Hedrick Smith: Dr. Chassin, what do people know really about quality of health care and how do they find out?

Mark ChassinDr. Mark Chassin: I think consumers really know actually quite little about the quality of health care. Consumers in general think that quality of health care consists of how many doctors can I choose from, how many hospitals can I choose from? But when I talk about quality of care, I mean the kind of care that’s likely to improve their patients’ health status, consumers’ health outcomes. And that’s the kind of quality of care that consumers know little about.

Hedrick Smith: Why?

Dr. Mark Chassin: Well, one reason that people know very little about that kind of quality of care is that there isn’t very much information that they have easy access to. Another is that this is a relatively [new] field of study in both science and in practice in terms of improving it. So we’ve had a relatively short period of time to talk to consumers about quality of care.

I think quality has many dimensions, and the service that patients experience is certainly a part of measuring quality of care, but it’s only a small part. As a clinician I’m equally concerned, maybe even more concerned, about the content of the care the patients receive and whether that care is really going to improve their health over the short and the long run or whether it’s not.

Hedrick Smith: What is so special about what New York did in this field of quality and performance?

Dr. Mark Chassin: New York State put together the first program to collect scientifically reliable and valid information on one important measure of quality. That is death following coronary bypass surgery and make it public.

What [New York] it did for the first time was to provide information to hospitals and doctors about their performance compared with their peers. And no matter how good a hospital or a doctor is in looking at his or her or their own performance you really don’t know what that performance is until you see comparative information.

Hedrick Smith: What’s been the impact of New York making this data available?

Dr.
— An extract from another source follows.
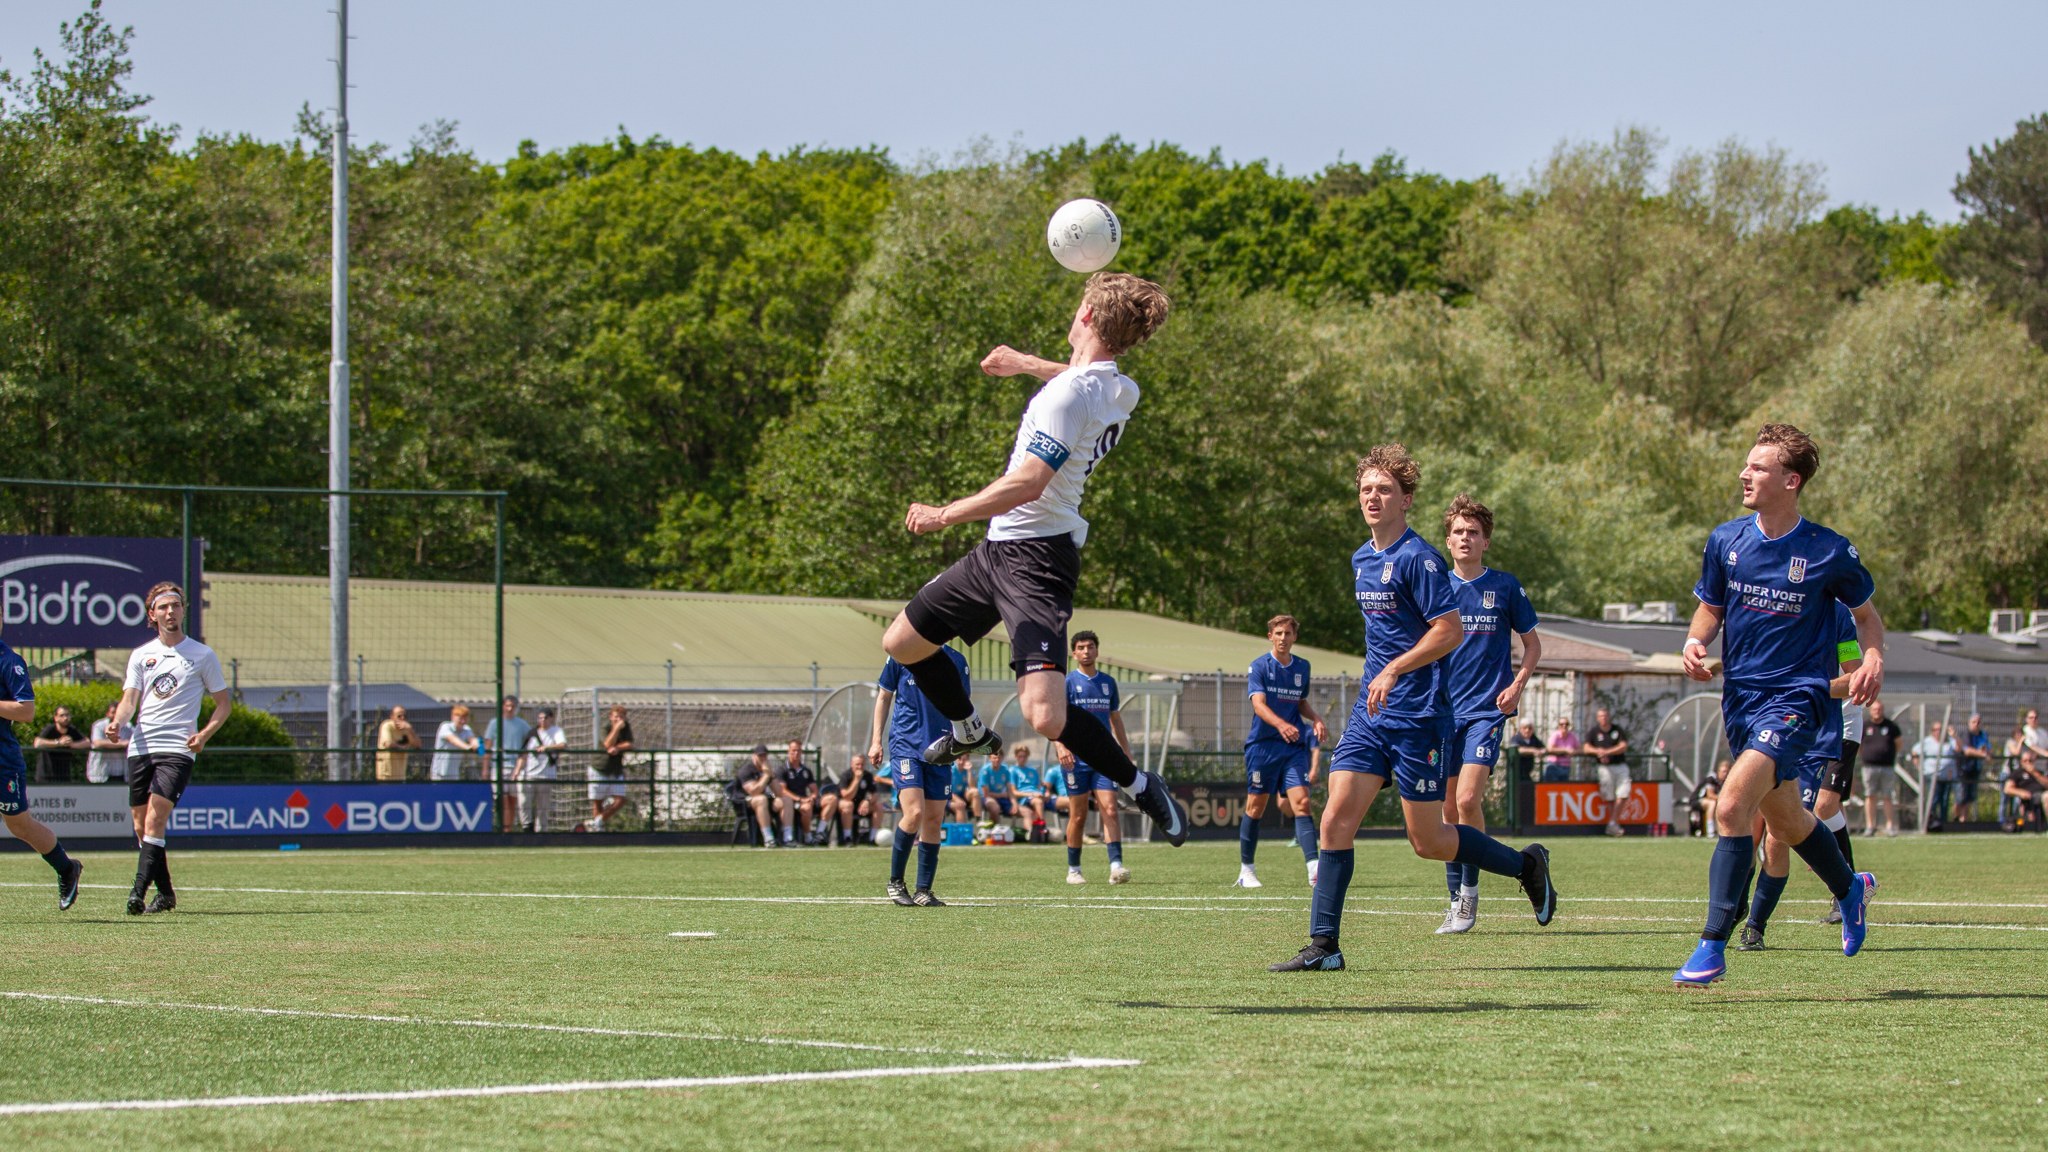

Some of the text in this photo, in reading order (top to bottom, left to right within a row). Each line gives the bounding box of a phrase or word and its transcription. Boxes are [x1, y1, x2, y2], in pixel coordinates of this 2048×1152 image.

Mark Chassin: The program of publishing data annually on hospital mortality and then on surgeon-specific mortality produced specific changes in specific hospital processes of care that brought down the mortality statewide over fifty percent and to the point where New York had the best performance in the country.

Hedrick Smith: What do you say to the folks who say, this isn’t fair to me or my hospital. It doesn’t account for how sick different patients are as they go into surgery?

Dr. Mark Chassin: My answer to the criticism that the model doesn’t adequately adjust for risk is that that argument is just plain scientifically wrong. It does adequately adjust for risk. And if you look at hospitals and surgeons over time, what you see is that hospitals [and] surgeons that take the highest risk patients that are usually among the best performers year after year.

I think that the most powerful impact that these data and data like them can have is when hospitals and doctors work together to find out what the problems are behind poor performance and correct them. That’s the way to get the whole delivery system moving toward improved quality.

Hedrick Smith: What’s your reaction to doctors and hospitals now who don’t want to discuss this kind of material openly?

Dr. Mark Chassin: I’ve always thought that the best way for a hospital to deal with this information is to own it, to take it in, to learn as much as they can from it, and to find processes they can fix to improve the outcomes that they have. Now that is not a lesson that is easily learned. . . There’s a lot of work to be done to go behind the performance data to find exactly what’s wrong and fix it. Now a lot of hospitals have been able to avoid dealing with this because they haven’t been at the very bottom of the list. When a hospital’s at the very bottom of the list, there’s a fair amount of both external and internal pressure that’s generated to do something about it. But if you haven’t been at the very bottom, if you’ve been below average, just around the middle you haven’t typically been forced with that kind of public pressure to deal with the problem actively.

I think one of the most curious aspects of the quality problems that we face is the lack of demand on the part of the consuming public for excellence in health care, for the kind of performance that they routinely get from the air travel industry. There’s been no demand on the part of the public for performance at that level. The level of quality is really quite variable both within hospitals, between hospitals, within physician practices, and between them. So you as a consumer, you’re highly likely to be the victim of a quality problem and not know it.

Hedrick Smith: How do you react to hospitals and doctors who are still saying no to the media, ‘you can’t come in, we don’t want to talk to you about [that]?’

Dr. Mark Chassin: I think that hospitals and doctors that don’t want to deal with credible information on performance are living in the previous century. I don’t think there’s any substitute for a delivery system in today’s health care world taking an active and strong leadership role in understanding what quality is, measuring it throughout their, the domains of their delivery system, and making information public on a proactive basis about how they’re improving. That’s got to be a major part of every health care’s delivery systems mission in the year 2000.

Hedrick Smith: How important is the role of the state in terms of driving quality improvement?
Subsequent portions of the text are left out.